Steve (I normally go by Steve so I deleted your other comment!)
thank you so much for explanation
Hi Steve, thanks for the very insightful info!! I was wondering, do you need to mark this photo of Dante’s Statue as editorial? Perhaps not in 2012, but when I searched this statue’s photos on Shutterstock, they have been marked as editorial lately. But again, different agency applies different rules, these editorial and commercial things are so confusing…

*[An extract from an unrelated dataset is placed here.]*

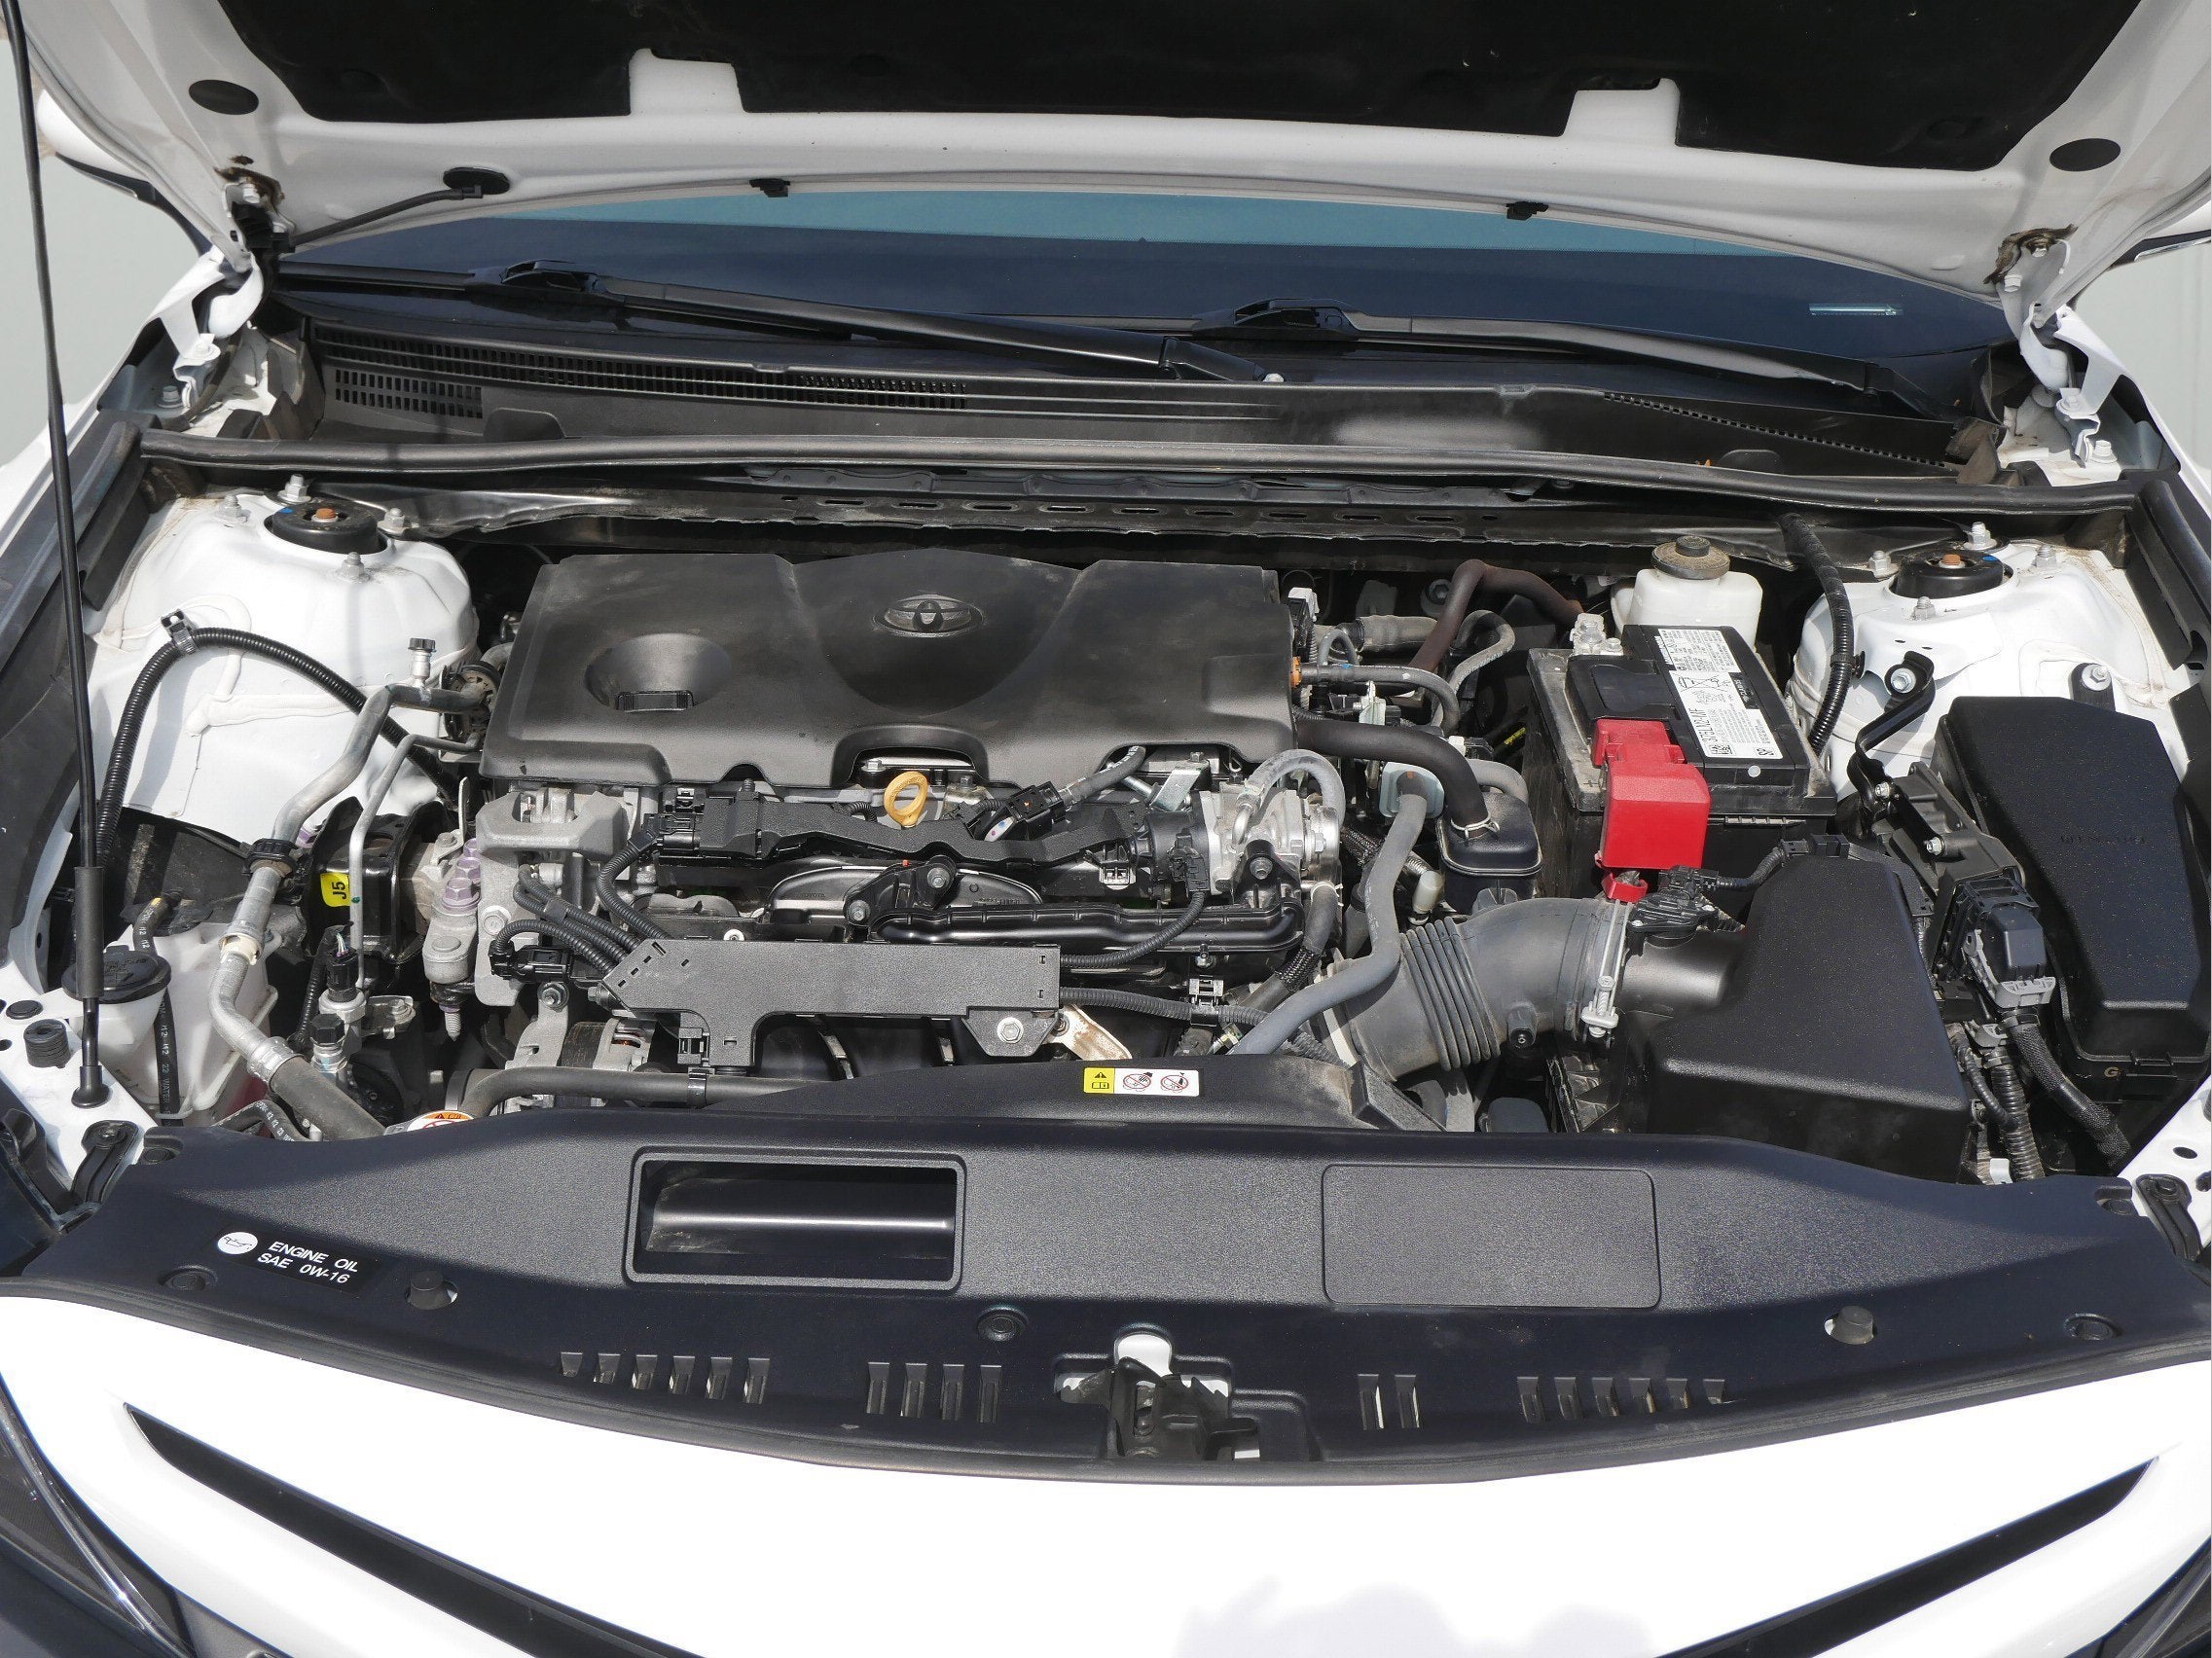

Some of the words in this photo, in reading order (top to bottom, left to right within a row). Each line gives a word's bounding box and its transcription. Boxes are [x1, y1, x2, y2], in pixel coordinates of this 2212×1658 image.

I don’t think so – the statue was a replica casting of one in Dante park in New York and it was donated to and installed in Washington in 1921. So even if it was original in 1921 it would be no longer copyright in the US and as it is a replica the original artist must be long gone. So I think I was right in 2012, but as you say, the agencies set the rules! They don’t want to have to research every piece of artwork that is uploaded and so they err on the side of caution. This sort of image is unlikely to sell much better as commercial rather than editorial and of course, buyers can use as they want. So just go with the flow!